• [What this task involves] Extract each line from the entries below that has the string "trvanlivý" in it.

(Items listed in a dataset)
^^^^^^^^

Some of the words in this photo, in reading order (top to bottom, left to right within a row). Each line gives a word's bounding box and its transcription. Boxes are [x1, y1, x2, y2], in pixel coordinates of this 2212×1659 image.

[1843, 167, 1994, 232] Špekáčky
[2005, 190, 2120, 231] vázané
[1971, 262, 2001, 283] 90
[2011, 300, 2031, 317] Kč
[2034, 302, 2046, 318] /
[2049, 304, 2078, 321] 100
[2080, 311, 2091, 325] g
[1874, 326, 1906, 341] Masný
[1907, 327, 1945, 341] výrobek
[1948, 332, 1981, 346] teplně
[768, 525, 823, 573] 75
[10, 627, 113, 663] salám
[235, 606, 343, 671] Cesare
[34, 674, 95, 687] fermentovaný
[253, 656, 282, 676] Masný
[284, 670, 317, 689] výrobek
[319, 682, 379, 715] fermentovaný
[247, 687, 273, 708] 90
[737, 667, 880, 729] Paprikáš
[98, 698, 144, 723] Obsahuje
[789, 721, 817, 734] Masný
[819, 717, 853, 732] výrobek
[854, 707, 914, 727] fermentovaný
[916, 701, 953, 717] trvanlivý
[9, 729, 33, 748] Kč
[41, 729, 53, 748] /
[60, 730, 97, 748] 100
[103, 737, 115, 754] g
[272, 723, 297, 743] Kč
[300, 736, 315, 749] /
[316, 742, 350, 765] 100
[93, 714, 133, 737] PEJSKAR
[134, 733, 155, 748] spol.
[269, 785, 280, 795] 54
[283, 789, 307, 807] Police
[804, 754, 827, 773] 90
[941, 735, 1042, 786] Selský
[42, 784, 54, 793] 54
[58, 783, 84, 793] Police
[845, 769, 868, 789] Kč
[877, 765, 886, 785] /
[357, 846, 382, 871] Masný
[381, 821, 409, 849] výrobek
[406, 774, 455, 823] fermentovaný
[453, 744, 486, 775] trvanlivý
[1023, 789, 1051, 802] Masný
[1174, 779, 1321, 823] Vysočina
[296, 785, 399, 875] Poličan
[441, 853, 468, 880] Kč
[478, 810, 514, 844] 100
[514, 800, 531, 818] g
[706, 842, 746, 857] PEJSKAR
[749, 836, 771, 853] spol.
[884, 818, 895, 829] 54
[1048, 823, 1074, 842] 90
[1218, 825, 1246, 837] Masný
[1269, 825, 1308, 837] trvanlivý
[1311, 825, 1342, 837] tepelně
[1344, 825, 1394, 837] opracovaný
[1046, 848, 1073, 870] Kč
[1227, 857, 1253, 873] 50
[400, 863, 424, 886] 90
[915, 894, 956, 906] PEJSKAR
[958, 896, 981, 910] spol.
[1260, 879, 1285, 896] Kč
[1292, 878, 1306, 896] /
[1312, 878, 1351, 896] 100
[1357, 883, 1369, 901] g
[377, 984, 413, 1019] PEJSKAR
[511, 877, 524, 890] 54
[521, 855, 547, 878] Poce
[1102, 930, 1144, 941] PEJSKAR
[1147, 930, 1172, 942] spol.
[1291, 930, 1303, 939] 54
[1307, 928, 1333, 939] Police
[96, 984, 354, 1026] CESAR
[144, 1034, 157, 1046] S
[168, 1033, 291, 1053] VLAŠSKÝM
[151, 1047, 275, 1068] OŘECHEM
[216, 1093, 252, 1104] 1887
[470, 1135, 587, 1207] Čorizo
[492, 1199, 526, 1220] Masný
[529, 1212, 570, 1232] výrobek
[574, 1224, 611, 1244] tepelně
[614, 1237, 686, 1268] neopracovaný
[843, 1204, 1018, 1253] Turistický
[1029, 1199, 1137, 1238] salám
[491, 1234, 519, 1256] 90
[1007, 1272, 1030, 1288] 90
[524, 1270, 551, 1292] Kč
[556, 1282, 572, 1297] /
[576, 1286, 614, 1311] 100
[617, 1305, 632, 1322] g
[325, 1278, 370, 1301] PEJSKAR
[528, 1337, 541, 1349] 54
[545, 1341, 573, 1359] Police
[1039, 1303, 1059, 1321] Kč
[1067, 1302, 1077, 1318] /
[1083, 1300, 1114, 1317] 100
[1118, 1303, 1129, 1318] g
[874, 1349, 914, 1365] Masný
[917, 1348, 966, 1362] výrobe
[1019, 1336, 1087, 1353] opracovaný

^^^^^^^^

• [Task output]
[916, 701, 953, 717] trvanlivý
[453, 744, 486, 775] trvanlivý
[1269, 825, 1308, 837] trvanlivý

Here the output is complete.